CDC Mulling COVID-19 Test Requirement for Asymptomatic: Fauci
WASHINGTON — As the COVID-19 omicron variant surges across the United States, top federal health officials are looking to add a negative test along with its five-day isolation restrictions for asymptomatic Americans who catch the coronavirus, the White House’s top medical adviser said Sunday.
Dr. Anthony Fauci said the Centers for Disease Control and Prevention is now considering including the negative test as part of its guidance after getting significant “pushback” on its updated recommendations last week.
The Dec. 27, guidance reduced isolation requirements for COVID-19-infected people from 10 to 5 days, if they no longer feel symptoms or run a fever. The patient is asked to keep a mask on their face for the next five days.

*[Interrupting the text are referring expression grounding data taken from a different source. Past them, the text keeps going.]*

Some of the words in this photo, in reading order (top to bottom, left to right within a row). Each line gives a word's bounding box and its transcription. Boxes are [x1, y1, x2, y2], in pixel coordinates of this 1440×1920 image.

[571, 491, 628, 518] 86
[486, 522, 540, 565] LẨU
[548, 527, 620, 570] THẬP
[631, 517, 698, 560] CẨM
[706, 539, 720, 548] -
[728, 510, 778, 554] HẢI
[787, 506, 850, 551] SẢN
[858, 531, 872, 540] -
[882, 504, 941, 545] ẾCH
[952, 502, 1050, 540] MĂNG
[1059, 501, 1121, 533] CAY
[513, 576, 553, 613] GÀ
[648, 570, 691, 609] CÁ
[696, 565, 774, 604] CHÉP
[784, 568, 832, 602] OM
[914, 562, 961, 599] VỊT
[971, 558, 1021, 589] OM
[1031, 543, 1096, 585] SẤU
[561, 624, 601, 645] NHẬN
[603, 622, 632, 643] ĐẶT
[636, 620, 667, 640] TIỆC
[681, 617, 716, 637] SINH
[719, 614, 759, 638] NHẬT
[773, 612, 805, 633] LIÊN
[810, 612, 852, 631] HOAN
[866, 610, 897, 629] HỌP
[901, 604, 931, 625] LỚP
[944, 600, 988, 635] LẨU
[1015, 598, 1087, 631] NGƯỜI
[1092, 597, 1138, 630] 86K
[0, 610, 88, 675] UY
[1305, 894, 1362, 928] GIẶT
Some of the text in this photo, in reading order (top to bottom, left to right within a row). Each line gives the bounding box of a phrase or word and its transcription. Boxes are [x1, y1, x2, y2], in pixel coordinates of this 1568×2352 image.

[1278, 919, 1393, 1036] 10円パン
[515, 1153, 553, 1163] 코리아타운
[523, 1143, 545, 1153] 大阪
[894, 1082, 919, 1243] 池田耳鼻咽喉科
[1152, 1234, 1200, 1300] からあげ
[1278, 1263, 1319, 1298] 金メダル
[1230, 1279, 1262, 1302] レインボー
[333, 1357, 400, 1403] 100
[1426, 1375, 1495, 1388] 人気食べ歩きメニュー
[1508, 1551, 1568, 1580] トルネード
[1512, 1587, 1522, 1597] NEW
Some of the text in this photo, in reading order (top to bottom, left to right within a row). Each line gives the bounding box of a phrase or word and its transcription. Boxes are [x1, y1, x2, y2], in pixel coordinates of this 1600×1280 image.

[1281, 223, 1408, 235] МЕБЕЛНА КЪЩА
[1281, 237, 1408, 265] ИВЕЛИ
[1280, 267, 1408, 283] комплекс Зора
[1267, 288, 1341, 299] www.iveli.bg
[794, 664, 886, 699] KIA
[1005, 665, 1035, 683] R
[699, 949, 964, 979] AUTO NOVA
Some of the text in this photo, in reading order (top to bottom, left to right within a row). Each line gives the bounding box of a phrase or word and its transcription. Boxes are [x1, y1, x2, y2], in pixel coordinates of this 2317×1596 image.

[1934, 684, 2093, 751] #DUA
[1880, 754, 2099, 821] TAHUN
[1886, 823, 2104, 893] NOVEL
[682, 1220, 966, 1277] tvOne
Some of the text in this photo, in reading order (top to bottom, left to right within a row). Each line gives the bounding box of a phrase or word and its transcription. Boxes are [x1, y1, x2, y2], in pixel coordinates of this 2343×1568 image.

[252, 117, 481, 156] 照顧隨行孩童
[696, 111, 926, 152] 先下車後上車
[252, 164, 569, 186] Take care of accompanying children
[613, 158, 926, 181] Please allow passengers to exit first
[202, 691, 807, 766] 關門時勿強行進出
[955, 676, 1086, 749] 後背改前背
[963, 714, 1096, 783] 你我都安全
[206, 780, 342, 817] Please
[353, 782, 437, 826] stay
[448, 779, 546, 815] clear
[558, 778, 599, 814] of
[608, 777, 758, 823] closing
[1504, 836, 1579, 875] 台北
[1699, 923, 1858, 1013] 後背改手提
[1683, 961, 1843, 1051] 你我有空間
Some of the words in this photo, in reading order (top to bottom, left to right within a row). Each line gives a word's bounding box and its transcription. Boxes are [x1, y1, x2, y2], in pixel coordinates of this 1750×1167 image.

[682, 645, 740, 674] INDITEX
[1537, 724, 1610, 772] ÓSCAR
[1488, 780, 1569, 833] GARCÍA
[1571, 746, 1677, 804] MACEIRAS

Many health professionals have criticized the guidelines for failing to specify a negative antibody test for isolation.
“There has been some concern about why we don’t ask people at that five-day period to get tested,” Fauci said. “Looking at it again, there may be an option in that, that testing could be a part of that, and I think we’re going to be hearing more about that in the next day or so from the CDC.”
Fauci, the nation’s top infectious diseases expert, said the U.S. has been seeing almost a “vertical increase” of new cases, now averaging 400,000 cases a day, with hospitalizations also up.
“We are definitely in the middle of a very severe surge and uptick in cases,” he said. “The acceleration of cases that we’ve seen is unprecedented, gone well beyond anything we’ve seen before.”
Fauci said he’s concerned that the omicron variant is overwhelming the health care system and causing a “major disruption” on other essential services.
“When I say major disruption, you’re certainly going to see stresses on the system and the system being people with any kind of jobs … particularly with critical jobs to keep society functioning normally,” Fauci said. “We already know that there are reports from fire departments, from police departments in different cities that 10, 20, 25 and sometimes 30% of the people are ill. And that’s something that we need to be concerned about because we want to make sure that we don’t have such an impact on society that there really is a disruption. I hope that doesn’t happen.”
While there is “accumulating evidence” that omicron might lead to less severe disease, he cautioned that the data remains early. Fauci said he worries in particular about the tens of millions of unvaccinated Americans because “a fair number of them will get severe disease.”
To protect himself and reduce the U.S. case surge, he urged Americans to get vaccinated.
According to the Food and Drug Administration, preliminary research suggests that at-home rapid tests can detect microns. However, it may be less sensitive. The agency noted it’s still studying how the tests perform with the variant, which was first detected in late November.
Fauci said Americans “should not get the impression that those tests are not valuable.”
“I think the confusion is that rapid antigen tests have never been as sensitive as the PCR test,” Fauci said. “They’re very good when they are given sequentially. So if you do them like maybe two or three times over a few day period, at the end of the day, they are as good as the PCR, but as a single test, they are not as sensitive.”
The PCR test must be performed in a laboratory. The test looks for the virus’s genetic material and then reproduces it millions of times until it’s detectable with a computer.
Fauci suggested that Americans might soon see some normalcy in their lives if they took the appropriate precautions.
“One of these things that we hope for is that this thing will peak after a period of a few weeks and turn around,” Fauci said. He expressed hope that by February and March, omicron could fall to a low enough level “that it doesn’t disrupt our society, our economy, our way of life.”
Fauci spoke on ABC’s “This Week” and CNN’s “State of the Union.”
Madhani was based in Wilmington, Delaware.